Thursday, March 27, 2014

Putin's Rules

As the days go by, more and more of the world – those who can be shaken from their self-imposed lethargy to notice the news clips between their 'reality' shows – will notice that Putin's Russia has seized a significant portion of territory from a neighboring state (to some it may even sound familiar).  Most of the news in that regard is spun around the pronouncements of how we will retaliate with sanctions on a few Kremlin officials, who laugh at our puny attempts to hold them accountable.  The only point that Obama has made perfectly clear (and for once when uttering that cliché, he was) is that a military response is completely off the table.
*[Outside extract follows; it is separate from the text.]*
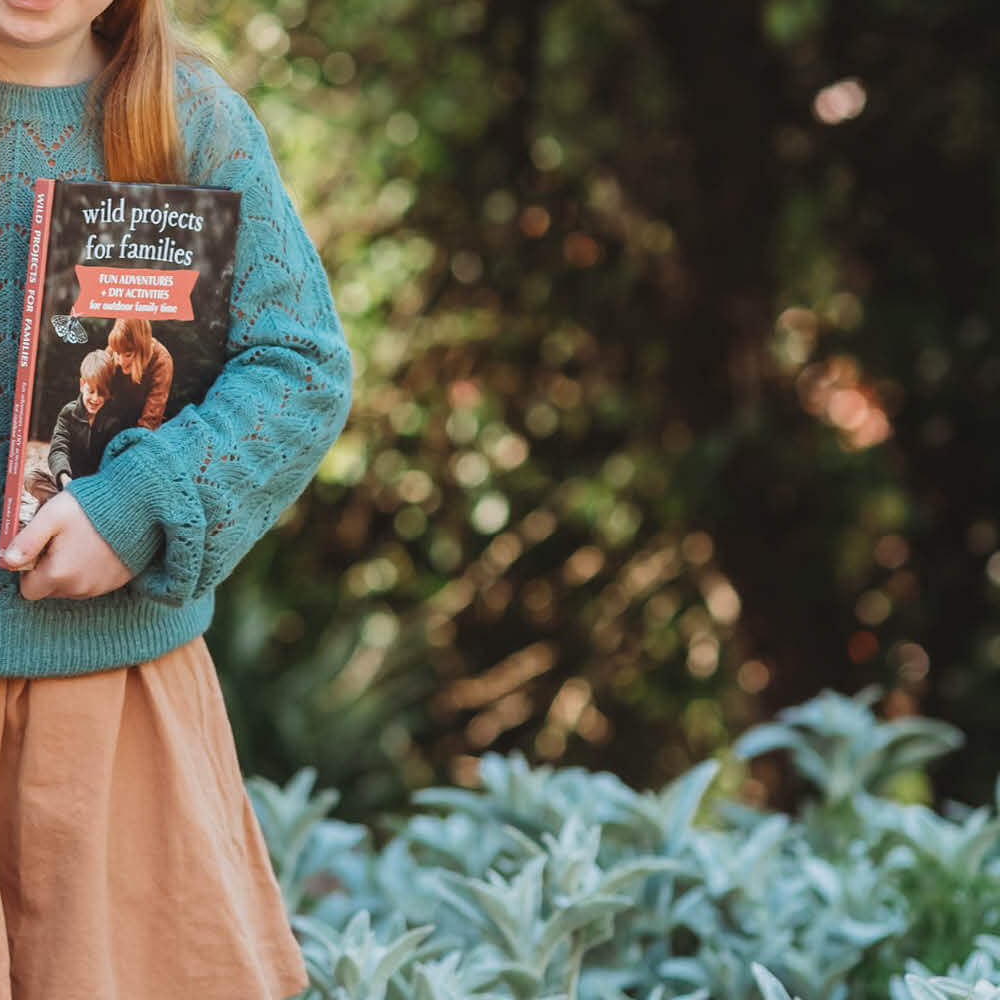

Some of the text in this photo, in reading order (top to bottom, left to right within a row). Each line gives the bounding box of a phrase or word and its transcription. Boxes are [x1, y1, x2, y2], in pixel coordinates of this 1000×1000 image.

Putin already knew that, otherwise he wouldn't have followed through with his annexation of the Crimea through a military seizure and faux plebiscite.  And it wasn't a decision that he made off the cuff.  Sources close to Putin claim that he was outraged about American tacit support of the 2004 Ukrainian Orange Revolution that ousted pro-Russian Viktor Yanukovych the first time, declaring that he would never trust the Americans again.  This is on top of the Russian outrage at the seizure of Kosovo from Serbia by NATO in 1999, with Kosovo formally declaring independence in 2008 just months before Russia threw its troops into Georgia to break off the regions of South Ossetia and Abkhazia.  With the advent of the Obama administration, he had every reason to believe that the bumbled American "reset" policy would allow him free rein within the traditional Russian sphere of influence.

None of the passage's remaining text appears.